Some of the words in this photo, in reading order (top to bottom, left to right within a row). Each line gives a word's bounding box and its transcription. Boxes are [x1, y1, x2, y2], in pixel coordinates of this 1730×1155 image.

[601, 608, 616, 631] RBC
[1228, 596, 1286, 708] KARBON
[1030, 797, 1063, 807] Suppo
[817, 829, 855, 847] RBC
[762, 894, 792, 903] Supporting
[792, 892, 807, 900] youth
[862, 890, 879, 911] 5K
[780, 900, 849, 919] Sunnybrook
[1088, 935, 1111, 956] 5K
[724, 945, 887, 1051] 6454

::::

* EXERCISE:
Exactly as it stands, output the whole listing.

* SOLUTION TO THIS PROBLEM:
Some of the words in this photo, in reading order (top to bottom, left to right within a row). Each line gives a word's bounding box and its transcription. Boxes are [x1, y1, x2, y2], in pixel coordinates of this 1730×1155 image.

[601, 608, 616, 631] RBC
[1228, 596, 1286, 708] KARBON
[1030, 797, 1063, 807] Suppo
[817, 829, 855, 847] RBC
[762, 894, 792, 903] Supporting
[792, 892, 807, 900] youth
[862, 890, 879, 911] 5K
[780, 900, 849, 919] Sunnybrook
[1088, 935, 1111, 956] 5K
[724, 945, 887, 1051] 6454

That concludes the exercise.